Problem statement: Exactly the lines from the one containing "this 1904×1904 image." to the last line of the records, inclusive, are to be transcribed; include no others.
+++
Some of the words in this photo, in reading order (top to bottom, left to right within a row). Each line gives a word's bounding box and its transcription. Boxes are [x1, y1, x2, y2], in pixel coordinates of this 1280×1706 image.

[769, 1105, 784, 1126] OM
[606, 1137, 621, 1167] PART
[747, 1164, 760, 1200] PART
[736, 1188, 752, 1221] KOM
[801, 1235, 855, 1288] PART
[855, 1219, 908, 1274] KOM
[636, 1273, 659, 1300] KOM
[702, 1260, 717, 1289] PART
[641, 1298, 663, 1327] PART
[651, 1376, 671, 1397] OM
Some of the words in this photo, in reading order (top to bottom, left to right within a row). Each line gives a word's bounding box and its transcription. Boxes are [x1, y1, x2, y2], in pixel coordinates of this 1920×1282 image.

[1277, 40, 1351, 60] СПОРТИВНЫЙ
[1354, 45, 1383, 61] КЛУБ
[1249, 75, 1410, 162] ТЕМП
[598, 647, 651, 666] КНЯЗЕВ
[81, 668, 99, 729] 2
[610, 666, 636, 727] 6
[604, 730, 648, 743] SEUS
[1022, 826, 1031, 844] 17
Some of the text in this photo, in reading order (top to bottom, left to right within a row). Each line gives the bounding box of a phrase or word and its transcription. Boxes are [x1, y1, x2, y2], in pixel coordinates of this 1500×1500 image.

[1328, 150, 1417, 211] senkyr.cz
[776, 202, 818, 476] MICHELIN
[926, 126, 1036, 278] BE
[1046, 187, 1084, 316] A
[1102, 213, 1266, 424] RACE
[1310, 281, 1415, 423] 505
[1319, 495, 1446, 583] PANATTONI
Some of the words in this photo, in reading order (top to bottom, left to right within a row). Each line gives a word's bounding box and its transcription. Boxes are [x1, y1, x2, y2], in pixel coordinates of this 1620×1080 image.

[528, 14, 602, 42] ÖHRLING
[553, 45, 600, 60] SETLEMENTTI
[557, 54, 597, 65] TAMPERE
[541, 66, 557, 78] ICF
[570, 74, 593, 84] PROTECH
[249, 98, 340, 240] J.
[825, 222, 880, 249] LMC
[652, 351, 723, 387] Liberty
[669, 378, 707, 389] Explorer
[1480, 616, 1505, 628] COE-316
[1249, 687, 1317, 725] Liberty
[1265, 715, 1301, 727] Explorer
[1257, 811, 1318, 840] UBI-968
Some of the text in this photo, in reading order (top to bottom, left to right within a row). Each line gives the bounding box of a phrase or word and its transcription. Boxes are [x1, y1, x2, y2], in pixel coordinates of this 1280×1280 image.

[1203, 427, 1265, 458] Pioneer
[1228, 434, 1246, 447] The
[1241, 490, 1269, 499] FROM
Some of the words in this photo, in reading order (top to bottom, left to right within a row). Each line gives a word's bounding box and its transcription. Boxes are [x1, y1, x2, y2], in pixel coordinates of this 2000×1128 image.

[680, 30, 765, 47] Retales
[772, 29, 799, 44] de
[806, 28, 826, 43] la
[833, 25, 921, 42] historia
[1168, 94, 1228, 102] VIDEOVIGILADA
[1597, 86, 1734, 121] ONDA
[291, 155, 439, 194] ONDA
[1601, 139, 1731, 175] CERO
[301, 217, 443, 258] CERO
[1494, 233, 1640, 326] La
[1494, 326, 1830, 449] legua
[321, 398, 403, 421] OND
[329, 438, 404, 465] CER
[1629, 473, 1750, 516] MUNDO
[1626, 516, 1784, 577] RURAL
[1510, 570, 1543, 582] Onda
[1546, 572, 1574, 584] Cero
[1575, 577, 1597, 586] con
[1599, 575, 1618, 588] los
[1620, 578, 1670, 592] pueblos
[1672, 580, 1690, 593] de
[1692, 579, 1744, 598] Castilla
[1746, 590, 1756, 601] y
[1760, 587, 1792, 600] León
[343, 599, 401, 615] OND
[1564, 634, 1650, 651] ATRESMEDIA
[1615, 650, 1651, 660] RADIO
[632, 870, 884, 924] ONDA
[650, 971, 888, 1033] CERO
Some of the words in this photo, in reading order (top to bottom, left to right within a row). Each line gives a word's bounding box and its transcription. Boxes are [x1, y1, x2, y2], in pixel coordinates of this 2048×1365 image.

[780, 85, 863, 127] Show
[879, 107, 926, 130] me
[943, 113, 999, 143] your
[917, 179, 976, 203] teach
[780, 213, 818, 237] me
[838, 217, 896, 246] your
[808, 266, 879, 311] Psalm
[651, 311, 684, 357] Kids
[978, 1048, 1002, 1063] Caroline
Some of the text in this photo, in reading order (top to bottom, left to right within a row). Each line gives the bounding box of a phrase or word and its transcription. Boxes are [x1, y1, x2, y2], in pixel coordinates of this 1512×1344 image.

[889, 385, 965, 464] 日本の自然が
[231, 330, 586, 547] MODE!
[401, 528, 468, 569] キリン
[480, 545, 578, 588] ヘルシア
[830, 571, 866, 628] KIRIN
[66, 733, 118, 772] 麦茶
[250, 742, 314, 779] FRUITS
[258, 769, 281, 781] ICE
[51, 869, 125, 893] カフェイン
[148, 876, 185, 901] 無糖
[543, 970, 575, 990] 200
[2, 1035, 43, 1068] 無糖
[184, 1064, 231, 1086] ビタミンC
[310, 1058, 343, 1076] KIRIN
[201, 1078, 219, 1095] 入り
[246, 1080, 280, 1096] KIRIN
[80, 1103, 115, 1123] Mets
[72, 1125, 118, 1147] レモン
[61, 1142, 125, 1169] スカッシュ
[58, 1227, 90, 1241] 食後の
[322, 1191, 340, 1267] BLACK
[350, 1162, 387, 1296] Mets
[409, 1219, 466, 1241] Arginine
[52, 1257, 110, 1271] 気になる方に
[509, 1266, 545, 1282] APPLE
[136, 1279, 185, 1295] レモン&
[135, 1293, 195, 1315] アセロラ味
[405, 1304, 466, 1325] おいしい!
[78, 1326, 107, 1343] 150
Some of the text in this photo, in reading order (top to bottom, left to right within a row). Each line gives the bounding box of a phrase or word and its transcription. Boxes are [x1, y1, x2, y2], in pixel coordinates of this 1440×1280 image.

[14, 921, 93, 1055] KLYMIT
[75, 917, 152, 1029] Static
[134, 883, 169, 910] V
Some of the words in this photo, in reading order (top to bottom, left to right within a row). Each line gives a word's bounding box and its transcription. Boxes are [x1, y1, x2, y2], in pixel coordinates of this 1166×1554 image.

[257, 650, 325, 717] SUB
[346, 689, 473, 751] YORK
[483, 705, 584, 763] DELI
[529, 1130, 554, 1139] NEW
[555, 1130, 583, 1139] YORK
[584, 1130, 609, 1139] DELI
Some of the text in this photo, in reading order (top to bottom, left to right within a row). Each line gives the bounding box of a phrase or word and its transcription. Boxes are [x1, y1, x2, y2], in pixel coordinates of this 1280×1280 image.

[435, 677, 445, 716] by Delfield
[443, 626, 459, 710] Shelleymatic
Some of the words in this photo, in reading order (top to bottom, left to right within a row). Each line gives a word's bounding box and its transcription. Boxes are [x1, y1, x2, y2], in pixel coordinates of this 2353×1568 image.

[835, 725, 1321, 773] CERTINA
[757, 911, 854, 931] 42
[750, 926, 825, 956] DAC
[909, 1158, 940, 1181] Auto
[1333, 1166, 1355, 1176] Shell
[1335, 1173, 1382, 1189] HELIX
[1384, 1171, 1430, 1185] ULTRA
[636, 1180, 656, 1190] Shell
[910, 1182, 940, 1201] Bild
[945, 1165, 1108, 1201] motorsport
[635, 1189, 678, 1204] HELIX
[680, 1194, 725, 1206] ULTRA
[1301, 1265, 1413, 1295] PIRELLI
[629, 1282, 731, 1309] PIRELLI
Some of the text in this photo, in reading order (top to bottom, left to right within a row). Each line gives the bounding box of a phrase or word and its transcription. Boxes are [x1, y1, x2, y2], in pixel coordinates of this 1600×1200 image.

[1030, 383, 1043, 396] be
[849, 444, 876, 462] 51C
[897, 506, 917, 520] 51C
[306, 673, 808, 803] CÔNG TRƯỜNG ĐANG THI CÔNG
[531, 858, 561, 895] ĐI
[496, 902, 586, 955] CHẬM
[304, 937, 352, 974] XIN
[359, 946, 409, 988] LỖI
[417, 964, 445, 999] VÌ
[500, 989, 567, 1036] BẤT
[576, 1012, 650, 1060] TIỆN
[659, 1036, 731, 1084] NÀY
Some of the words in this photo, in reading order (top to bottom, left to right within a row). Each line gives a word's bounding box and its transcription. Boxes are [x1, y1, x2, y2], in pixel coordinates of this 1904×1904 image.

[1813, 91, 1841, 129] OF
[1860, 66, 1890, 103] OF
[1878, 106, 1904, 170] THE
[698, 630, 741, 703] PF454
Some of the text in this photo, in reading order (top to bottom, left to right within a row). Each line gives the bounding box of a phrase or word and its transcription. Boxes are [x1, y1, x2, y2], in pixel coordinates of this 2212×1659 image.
+++
Answer section:
Some of the words in this photo, in reading order (top to bottom, left to right within a row). Each line gives a word's bounding box and its transcription. Boxes are [x1, y1, x2, y2], in pixel coordinates of this 1904×1904 image.

[1813, 91, 1841, 129] OF
[1860, 66, 1890, 103] OF
[1878, 106, 1904, 170] THE
[698, 630, 741, 703] PF454
Some of the text in this photo, in reading order (top to bottom, left to right within a row). Each line gives the bounding box of a phrase or word and its transcription. Boxes are [x1, y1, x2, y2], in pixel coordinates of this 2212×1659 image.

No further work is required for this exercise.